Nach der Kraftprobe mit den Eisenbahnern steigert der Reform-Präsident das Tempo: Aufbau des Mittelstands, Privatisierungen, ein effizienteres Sozialsystem. Vorbild sind die Deutschen. Wird das Land bald zum Wachstumsmotor?
Wien. Nein, so geht das nicht. Den Präsidenten der Republik, der auf einer Veranstaltung Hände schüttelt, begrüßt man nicht mit: „Ça va, Manu?“. Man stimmt davor auch nicht die „Internationale“ an. Emmanuel Macron wies den frechen Gymnasiasten präsidial zurecht, auf Video gebannt, in sozialen Netzwerken am Dienstag vieltausendfach geteilt. Und er setzte nach: „Wenn du eine Revolution anstiften willst, lerne zuerst, wie du ein Diplom machst und dich selbst ernährst. Dann kannst du auch anderen Lehren erteilen.“ Kleinlaut fügte sich der Bengel: „Oui, Monsieur le Président“.

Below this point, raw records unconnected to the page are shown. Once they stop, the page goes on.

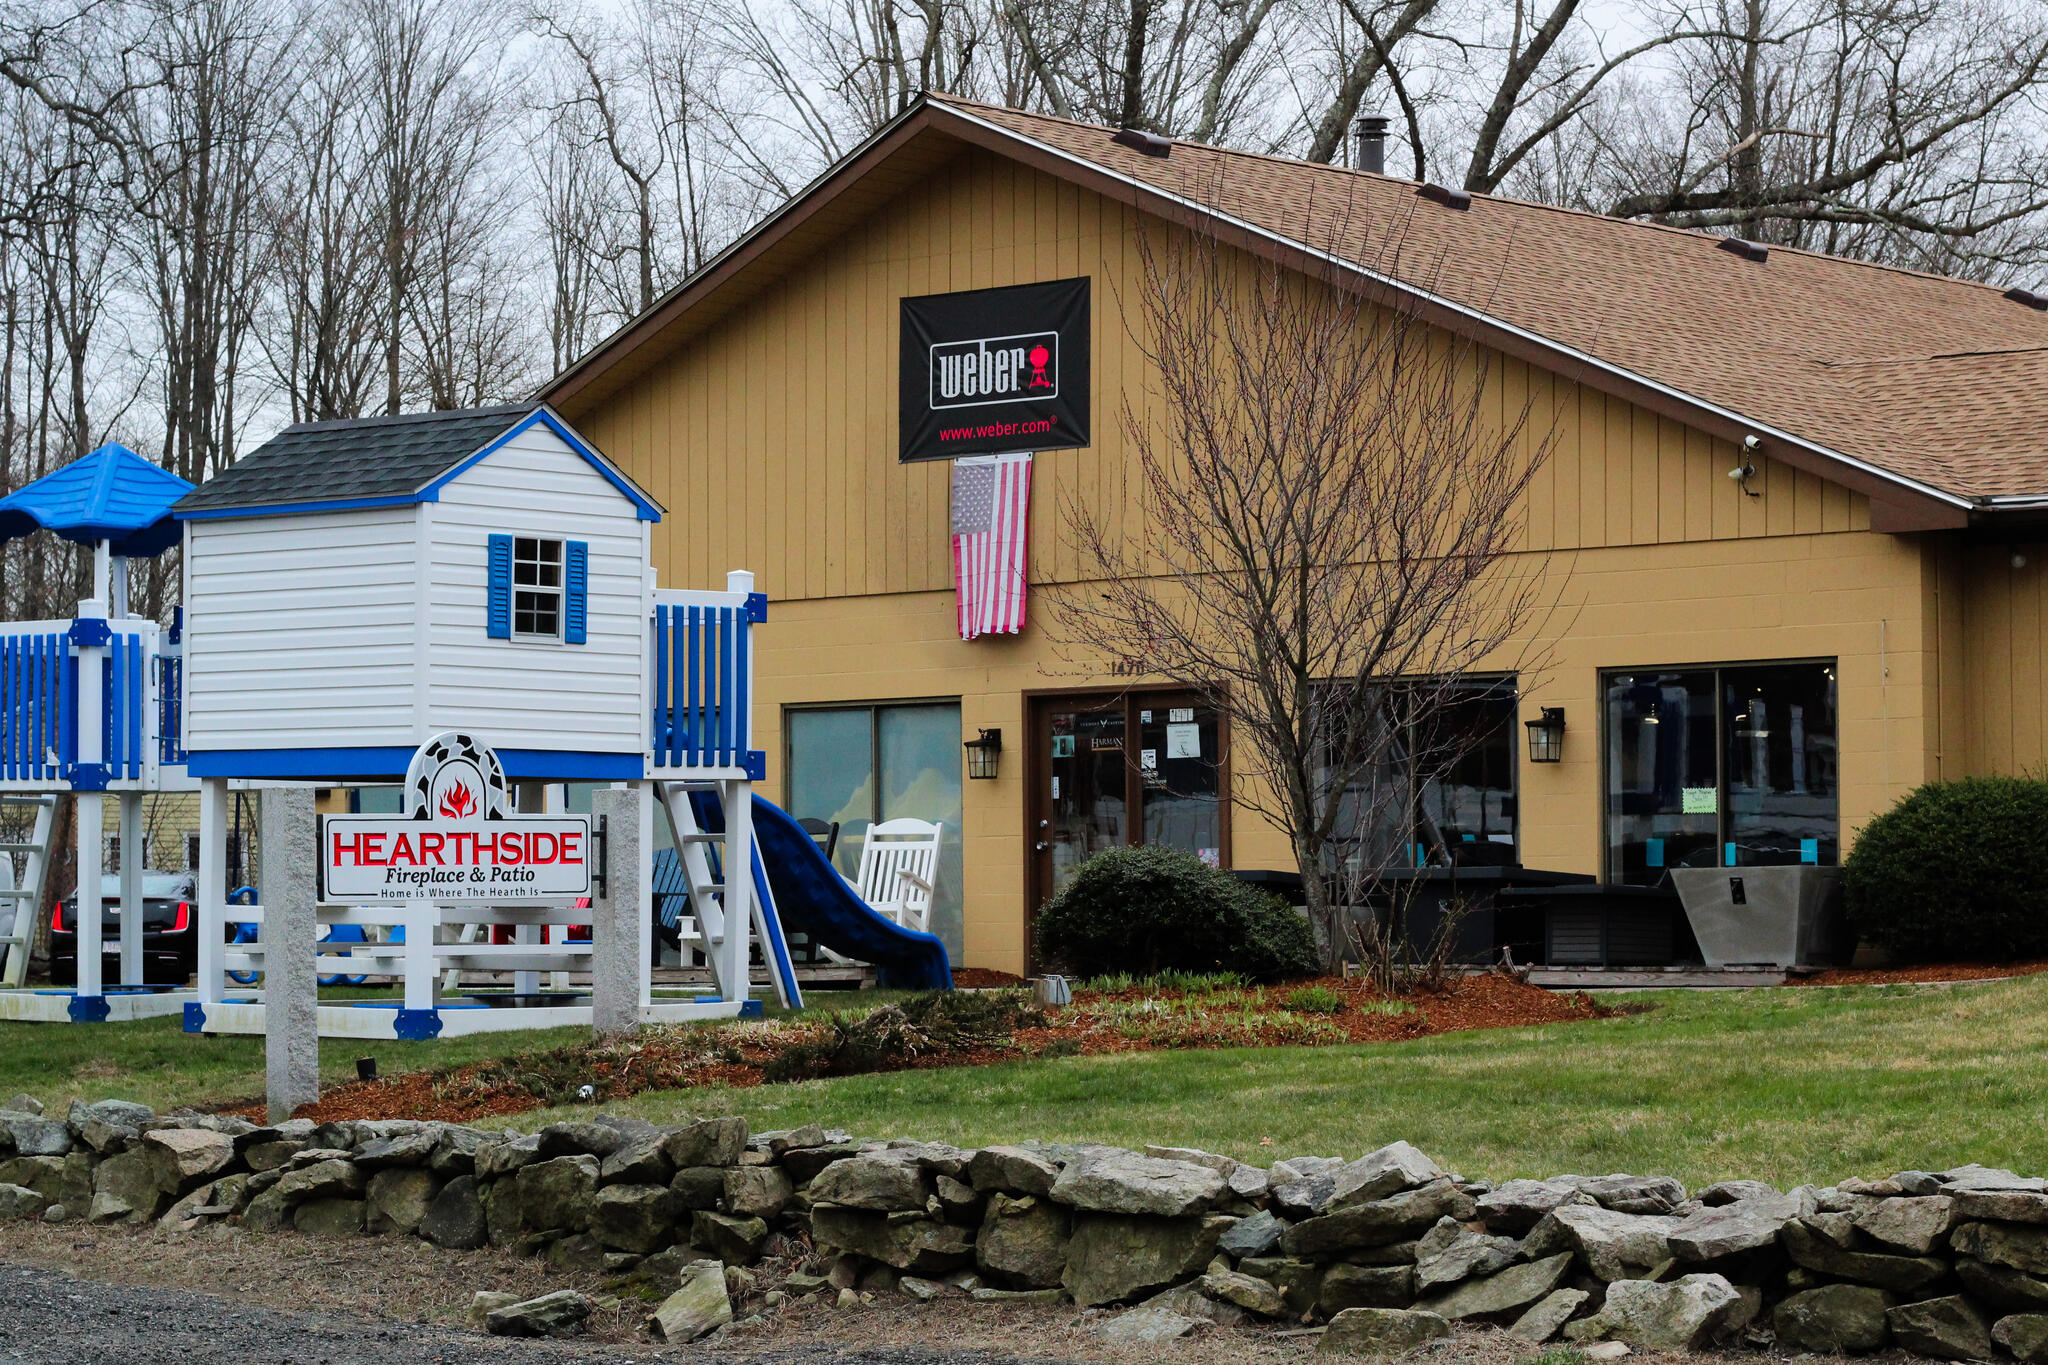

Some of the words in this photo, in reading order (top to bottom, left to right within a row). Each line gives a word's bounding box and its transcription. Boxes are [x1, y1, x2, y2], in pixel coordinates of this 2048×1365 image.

[939, 341, 1025, 398] weber
[939, 420, 1050, 441] www.weber.com
[333, 832, 583, 867] HEARTHSIDE
[385, 867, 465, 887] Fireplace
[469, 867, 486, 883] &
[489, 866, 535, 882] Patio
[381, 888, 412, 898] Home
[416, 887, 425, 897] is
[428, 887, 463, 897] Where
[466, 887, 486, 897] The
[489, 886, 526, 896] Hearth
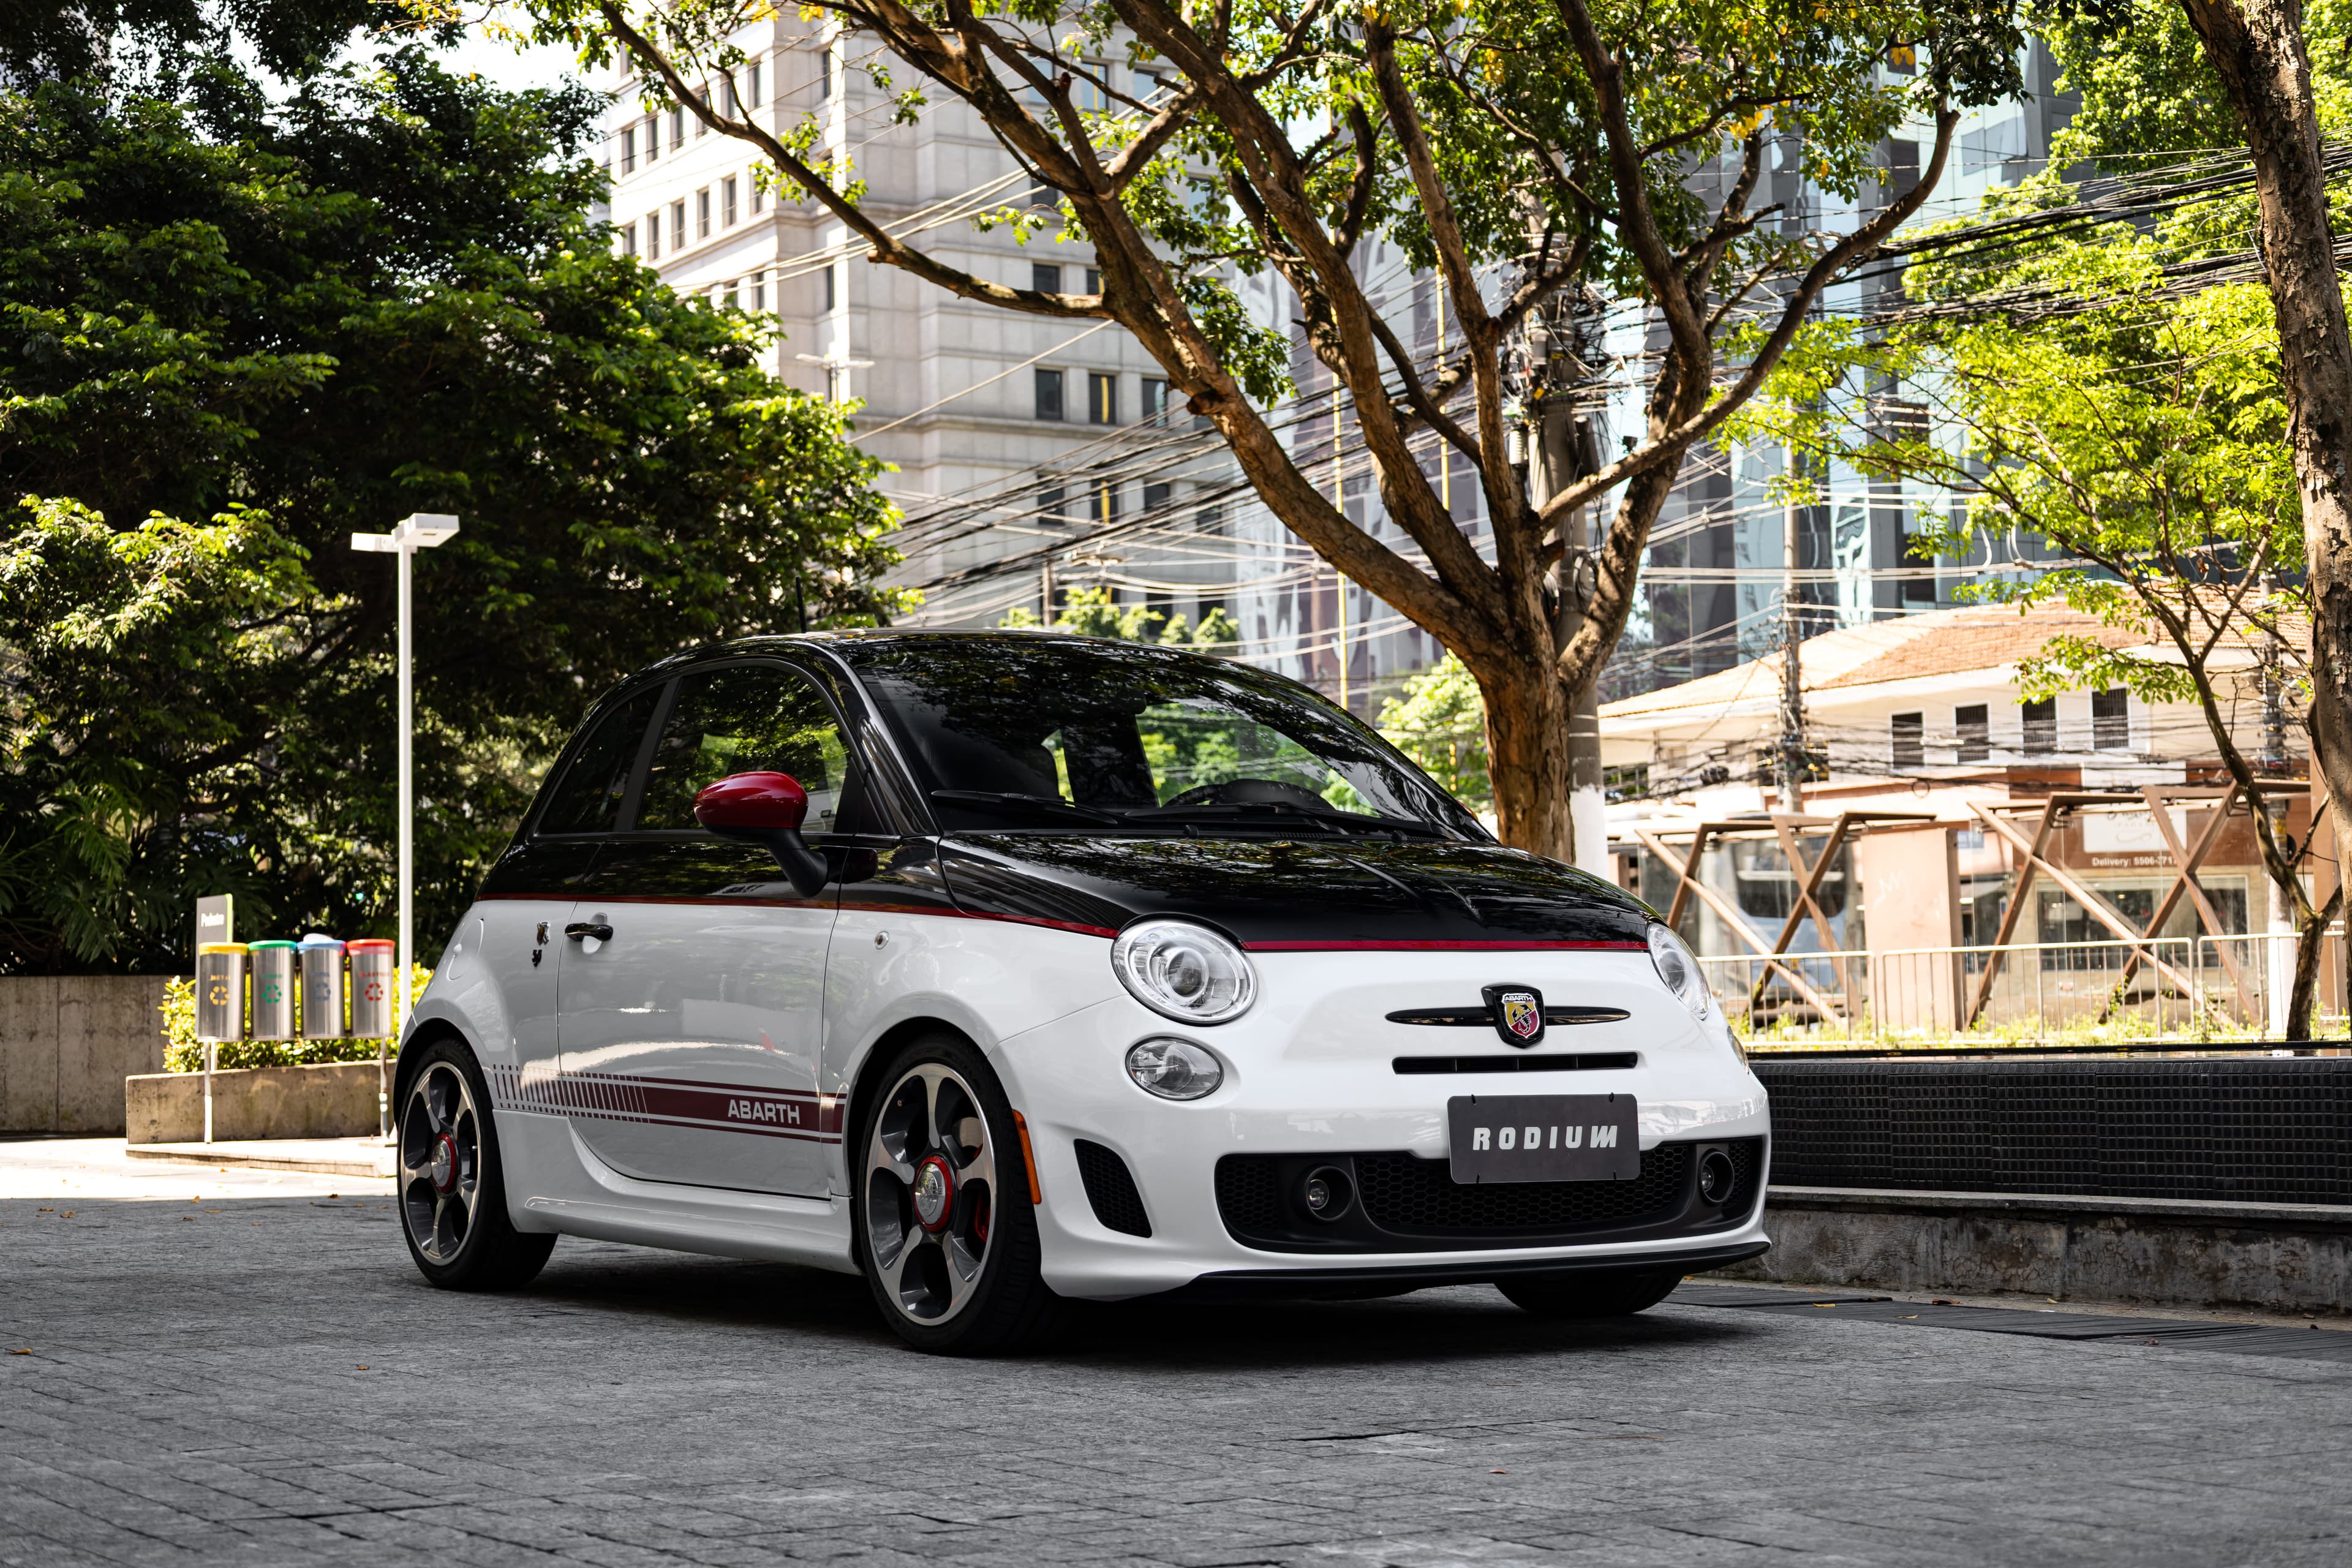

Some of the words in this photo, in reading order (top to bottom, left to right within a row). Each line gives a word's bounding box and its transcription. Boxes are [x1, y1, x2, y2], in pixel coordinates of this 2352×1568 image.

[2092, 856, 2132, 867] Delivery:
[2134, 856, 2176, 865] 5506-71
[728, 1099, 800, 1125] ABARTH
[1472, 1125, 1618, 1150] RODIUM
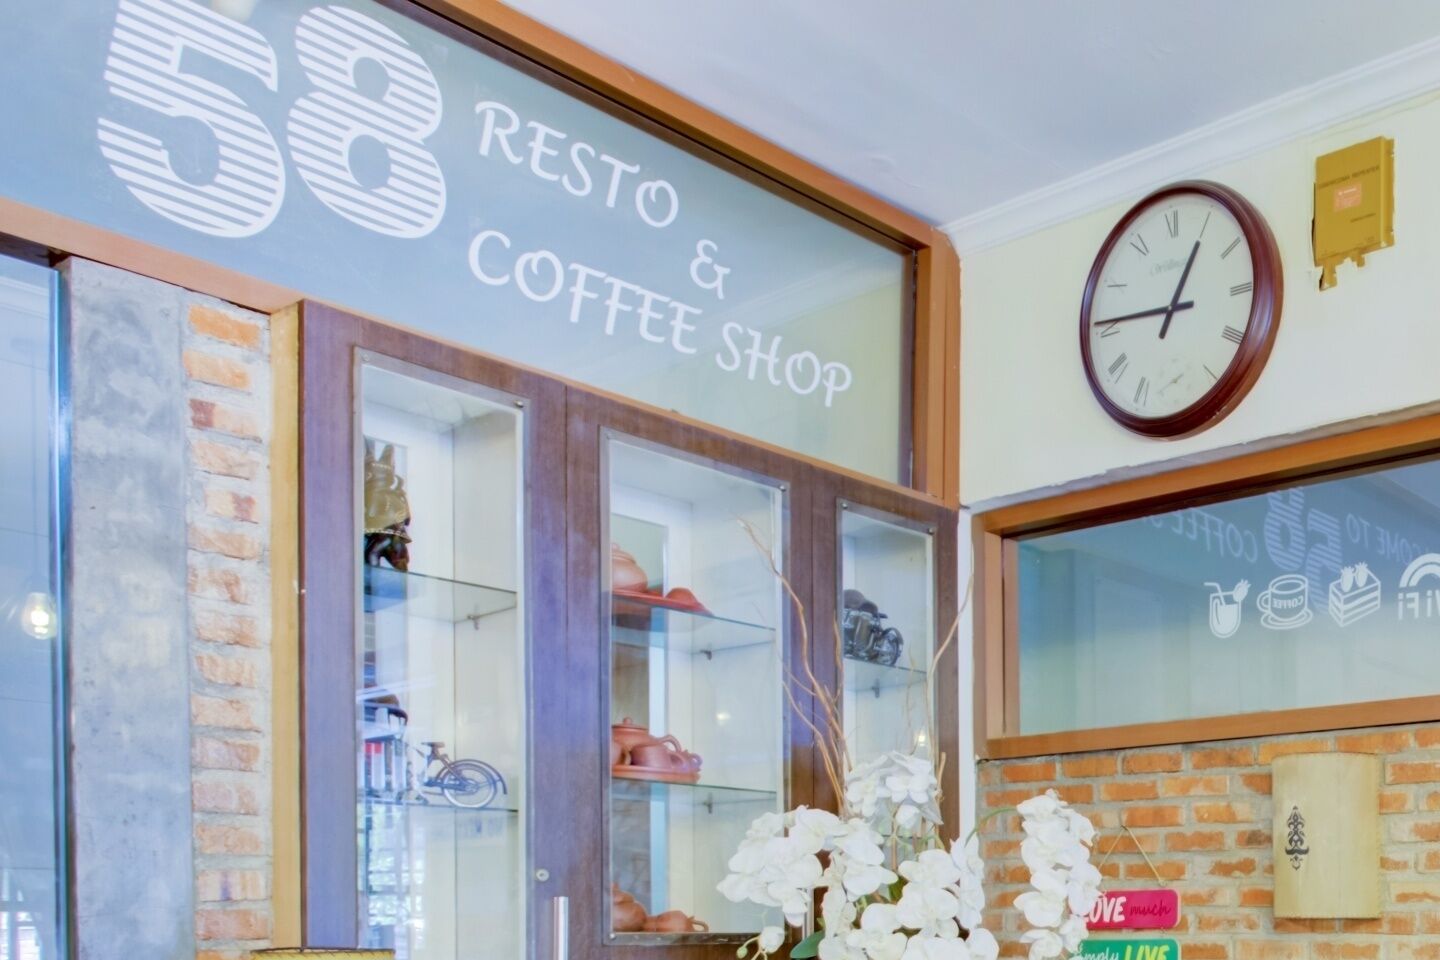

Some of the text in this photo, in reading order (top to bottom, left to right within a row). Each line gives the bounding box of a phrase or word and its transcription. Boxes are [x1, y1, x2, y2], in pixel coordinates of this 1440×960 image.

Ähnlich kleinlaut geben sich zurzeit die französischen Gewerkschaften. Im Herbst zogen sie beim Kräftemessen um das neue Arbeitsrecht den Kürzeren, nun haben sie auch den Machtkampf gegen die Bahnreform verloren. Trotz oder wegen ihrer Dauerstreiks gelang es den Eisenbahnern nicht, die Bevölkerung auf ihre Seite zu ziehen. In der Vorwoche passierte das Gesetz das Parlament. Einige Gewerkschaften wollen trotzdem weiterstreiken, um zumindest ein paar Abschwächungen zu erzwingen, aber auch diese verbliebende Front bröckelt gewaltig.